27. The yeast cell according to item 26, wherein the yeast cell is a Yarrowia lipolytica cell and the mutation is in the gene encoding FAS1 (SEQ ID NO: 69) and/or FAS2 (SEQ ID NO: 71) and yields a modified FAS1 and/or FAS2 having reduced capability to degrade fatty acyl-CoAs or increased capability to synthesise fatty acyl-CoAs compared to an unmodified FAS1 and/or FAS2, respectively.

28. The yeast cell according to any one of the preceding items, wherein the genes encoding the at least one acyl-CoA oxidase of the first group of enzymes, the at least one desaturase, the at least one fatty acyl-CoA reductase, or the at least one acetyltransferase and/or alcohol dehydrogenase are independently comprised within the genome of said yeast cell or within one or more vector comprised within said yeast cell.
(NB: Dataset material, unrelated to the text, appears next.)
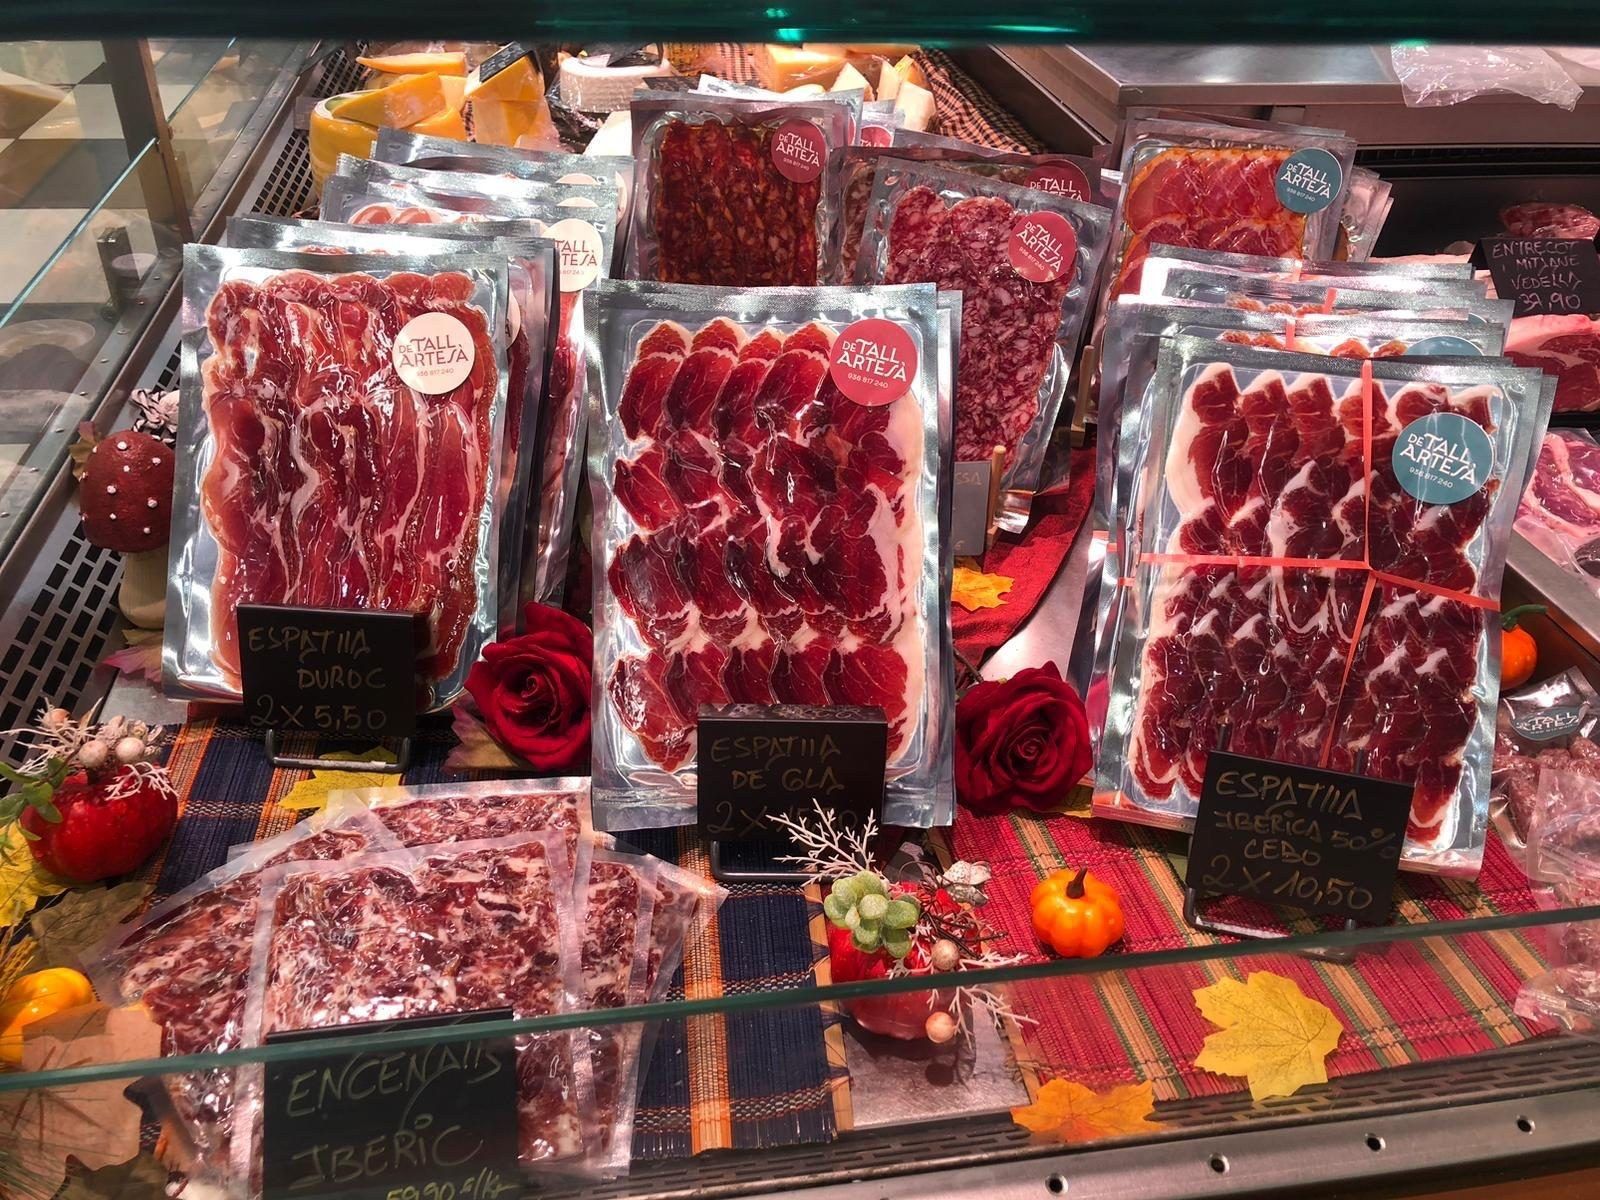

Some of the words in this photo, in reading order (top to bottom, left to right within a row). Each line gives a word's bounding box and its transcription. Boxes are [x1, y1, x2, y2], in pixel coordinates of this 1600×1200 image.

29. The yeast cell according to any one of the preceding items, wherein at least one of the genes encoding the at least one acyl-CoA oxidase of the first group of enzymes, the at least one desaturase, the at least one fatty acyl-CoA reductase, or the at least one acetyltransferase and/or alcohol dehydrogenase is present in high copy number.

30. The yeast cell according to any one of the preceding items, wherein at least one of the genes encoding at least one acyl-CoA oxidase of the first group of enzymes, the at least one desaturase, the at least one fatty acyl-CoA reductase, or the at least one acetyltransferase and/or alcohol dehydrogenase is under the control of an inducible promoter.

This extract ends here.